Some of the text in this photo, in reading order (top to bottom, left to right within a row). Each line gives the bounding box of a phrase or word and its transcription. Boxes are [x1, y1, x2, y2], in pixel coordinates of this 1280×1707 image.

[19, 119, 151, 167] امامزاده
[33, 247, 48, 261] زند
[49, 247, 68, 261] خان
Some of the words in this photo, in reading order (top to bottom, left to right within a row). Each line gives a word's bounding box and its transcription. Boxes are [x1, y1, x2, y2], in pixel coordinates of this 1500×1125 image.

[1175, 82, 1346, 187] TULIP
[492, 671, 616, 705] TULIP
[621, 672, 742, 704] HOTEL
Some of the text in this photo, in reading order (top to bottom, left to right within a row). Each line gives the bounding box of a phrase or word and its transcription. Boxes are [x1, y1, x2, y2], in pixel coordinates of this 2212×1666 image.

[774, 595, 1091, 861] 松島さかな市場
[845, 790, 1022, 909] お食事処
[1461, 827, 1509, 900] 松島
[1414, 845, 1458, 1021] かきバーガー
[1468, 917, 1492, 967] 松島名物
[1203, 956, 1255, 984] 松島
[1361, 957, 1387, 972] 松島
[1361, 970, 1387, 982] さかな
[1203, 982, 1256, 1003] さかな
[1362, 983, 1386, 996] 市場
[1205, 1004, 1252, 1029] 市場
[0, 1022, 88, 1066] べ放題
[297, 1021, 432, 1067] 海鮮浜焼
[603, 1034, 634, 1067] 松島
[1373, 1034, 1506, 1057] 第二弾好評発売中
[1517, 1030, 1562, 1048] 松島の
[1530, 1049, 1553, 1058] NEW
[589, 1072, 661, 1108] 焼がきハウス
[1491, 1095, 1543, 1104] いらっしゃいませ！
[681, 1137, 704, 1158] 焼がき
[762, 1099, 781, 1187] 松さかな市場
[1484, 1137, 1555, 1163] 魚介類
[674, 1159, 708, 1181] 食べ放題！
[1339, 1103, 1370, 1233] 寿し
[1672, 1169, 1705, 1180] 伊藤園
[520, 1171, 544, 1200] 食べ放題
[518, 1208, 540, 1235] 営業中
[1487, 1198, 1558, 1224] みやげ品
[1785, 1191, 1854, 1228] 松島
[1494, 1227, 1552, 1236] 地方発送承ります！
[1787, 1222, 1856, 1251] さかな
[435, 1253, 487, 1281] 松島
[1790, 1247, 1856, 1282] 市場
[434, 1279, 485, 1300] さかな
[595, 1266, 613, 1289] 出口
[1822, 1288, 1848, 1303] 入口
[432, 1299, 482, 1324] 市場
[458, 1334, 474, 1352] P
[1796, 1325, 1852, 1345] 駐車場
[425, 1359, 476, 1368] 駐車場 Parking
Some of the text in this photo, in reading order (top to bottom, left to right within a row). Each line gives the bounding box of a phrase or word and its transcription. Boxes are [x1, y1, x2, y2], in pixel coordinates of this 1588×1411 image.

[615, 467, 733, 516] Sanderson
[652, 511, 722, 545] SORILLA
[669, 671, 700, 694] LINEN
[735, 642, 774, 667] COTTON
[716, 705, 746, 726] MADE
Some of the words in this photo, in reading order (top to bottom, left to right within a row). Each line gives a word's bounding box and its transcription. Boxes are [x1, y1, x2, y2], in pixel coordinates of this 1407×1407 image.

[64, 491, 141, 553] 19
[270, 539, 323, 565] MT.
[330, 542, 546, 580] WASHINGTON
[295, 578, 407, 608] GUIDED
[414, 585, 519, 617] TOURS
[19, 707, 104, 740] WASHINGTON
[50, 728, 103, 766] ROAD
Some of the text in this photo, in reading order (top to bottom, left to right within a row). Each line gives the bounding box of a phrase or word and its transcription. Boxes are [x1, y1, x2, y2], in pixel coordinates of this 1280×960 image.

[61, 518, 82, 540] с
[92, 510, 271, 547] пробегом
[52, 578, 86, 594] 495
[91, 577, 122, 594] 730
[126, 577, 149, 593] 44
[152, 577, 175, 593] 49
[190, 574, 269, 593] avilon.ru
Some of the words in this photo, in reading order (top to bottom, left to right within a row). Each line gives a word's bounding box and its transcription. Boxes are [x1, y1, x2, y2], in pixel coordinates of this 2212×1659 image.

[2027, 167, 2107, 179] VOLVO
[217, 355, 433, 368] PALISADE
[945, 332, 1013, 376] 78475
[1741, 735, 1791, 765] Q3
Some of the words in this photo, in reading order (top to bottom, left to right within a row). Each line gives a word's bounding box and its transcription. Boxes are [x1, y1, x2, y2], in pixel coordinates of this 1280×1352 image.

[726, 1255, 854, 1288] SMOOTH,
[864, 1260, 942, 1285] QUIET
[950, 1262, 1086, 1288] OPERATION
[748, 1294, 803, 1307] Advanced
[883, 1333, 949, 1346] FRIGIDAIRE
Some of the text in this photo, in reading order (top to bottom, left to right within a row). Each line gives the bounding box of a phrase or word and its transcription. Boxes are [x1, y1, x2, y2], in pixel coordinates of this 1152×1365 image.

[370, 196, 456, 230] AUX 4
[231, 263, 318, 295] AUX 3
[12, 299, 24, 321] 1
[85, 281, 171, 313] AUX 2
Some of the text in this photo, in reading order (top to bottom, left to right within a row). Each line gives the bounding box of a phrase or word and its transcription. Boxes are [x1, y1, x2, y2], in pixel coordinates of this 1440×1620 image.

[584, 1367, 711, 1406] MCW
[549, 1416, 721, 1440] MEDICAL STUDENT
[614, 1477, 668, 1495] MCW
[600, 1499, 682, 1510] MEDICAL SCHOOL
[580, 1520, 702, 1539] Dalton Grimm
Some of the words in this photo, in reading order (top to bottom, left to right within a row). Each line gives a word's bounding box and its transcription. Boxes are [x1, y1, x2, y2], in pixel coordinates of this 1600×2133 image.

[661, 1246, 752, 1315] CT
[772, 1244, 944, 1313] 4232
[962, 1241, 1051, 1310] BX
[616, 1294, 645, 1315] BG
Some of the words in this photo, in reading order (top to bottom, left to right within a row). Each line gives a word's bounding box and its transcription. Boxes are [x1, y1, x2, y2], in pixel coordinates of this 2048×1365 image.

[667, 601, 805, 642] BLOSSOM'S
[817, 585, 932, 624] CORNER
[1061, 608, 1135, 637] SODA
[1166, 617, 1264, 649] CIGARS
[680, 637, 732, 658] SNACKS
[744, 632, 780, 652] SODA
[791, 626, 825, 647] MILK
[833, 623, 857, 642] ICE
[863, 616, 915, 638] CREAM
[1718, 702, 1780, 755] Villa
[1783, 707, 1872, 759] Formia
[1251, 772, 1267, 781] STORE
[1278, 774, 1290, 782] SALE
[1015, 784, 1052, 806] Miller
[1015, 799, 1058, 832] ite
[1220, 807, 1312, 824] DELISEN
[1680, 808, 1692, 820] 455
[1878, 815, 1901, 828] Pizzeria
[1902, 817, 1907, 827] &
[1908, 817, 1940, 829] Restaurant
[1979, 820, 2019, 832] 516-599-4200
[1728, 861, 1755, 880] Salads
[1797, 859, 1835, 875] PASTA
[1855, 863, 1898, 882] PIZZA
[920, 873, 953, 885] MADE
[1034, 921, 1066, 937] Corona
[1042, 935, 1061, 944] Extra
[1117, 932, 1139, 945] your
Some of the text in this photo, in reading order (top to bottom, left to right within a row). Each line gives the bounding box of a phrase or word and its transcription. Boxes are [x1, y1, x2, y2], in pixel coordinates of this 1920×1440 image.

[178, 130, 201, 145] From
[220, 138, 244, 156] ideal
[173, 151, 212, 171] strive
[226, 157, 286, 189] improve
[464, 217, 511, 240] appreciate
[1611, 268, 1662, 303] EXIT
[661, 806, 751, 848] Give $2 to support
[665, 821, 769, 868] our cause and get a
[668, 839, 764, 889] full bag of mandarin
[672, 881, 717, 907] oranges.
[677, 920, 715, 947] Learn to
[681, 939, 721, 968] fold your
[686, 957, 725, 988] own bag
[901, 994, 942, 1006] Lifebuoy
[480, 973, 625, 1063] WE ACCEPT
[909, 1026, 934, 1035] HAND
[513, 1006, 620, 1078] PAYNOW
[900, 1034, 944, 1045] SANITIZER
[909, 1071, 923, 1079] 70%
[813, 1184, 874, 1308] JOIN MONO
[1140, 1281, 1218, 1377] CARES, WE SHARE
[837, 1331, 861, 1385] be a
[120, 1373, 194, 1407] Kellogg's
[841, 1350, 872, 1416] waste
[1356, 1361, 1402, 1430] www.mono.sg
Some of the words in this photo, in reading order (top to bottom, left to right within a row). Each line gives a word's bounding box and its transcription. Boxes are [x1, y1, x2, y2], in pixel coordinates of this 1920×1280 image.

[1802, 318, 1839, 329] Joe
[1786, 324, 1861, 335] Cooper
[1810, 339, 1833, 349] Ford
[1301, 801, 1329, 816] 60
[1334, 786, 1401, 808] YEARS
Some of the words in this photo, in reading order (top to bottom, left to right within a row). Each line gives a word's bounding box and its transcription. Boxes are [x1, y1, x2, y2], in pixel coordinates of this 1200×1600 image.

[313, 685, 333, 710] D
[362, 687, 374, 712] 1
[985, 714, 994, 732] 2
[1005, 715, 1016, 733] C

WHAT TO WORK ON:
The span to print begins at the line containing "this 1920×1280 image." and ends at the final line of the entries; print it exactly and print nothing else.

ANSWER TO THE PROBLEM:
Some of the words in this photo, in reading order (top to bottom, left to right within a row). Each line gives a word's bounding box and its transcription. Boxes are [x1, y1, x2, y2], in pixel coordinates of this 1920×1280 image.

[1802, 318, 1839, 329] Joe
[1786, 324, 1861, 335] Cooper
[1810, 339, 1833, 349] Ford
[1301, 801, 1329, 816] 60
[1334, 786, 1401, 808] YEARS
Some of the words in this photo, in reading order (top to bottom, left to right within a row). Each line gives a word's bounding box and its transcription. Boxes are [x1, y1, x2, y2], in pixel coordinates of this 1200×1600 image.

[313, 685, 333, 710] D
[362, 687, 374, 712] 1
[985, 714, 994, 732] 2
[1005, 715, 1016, 733] C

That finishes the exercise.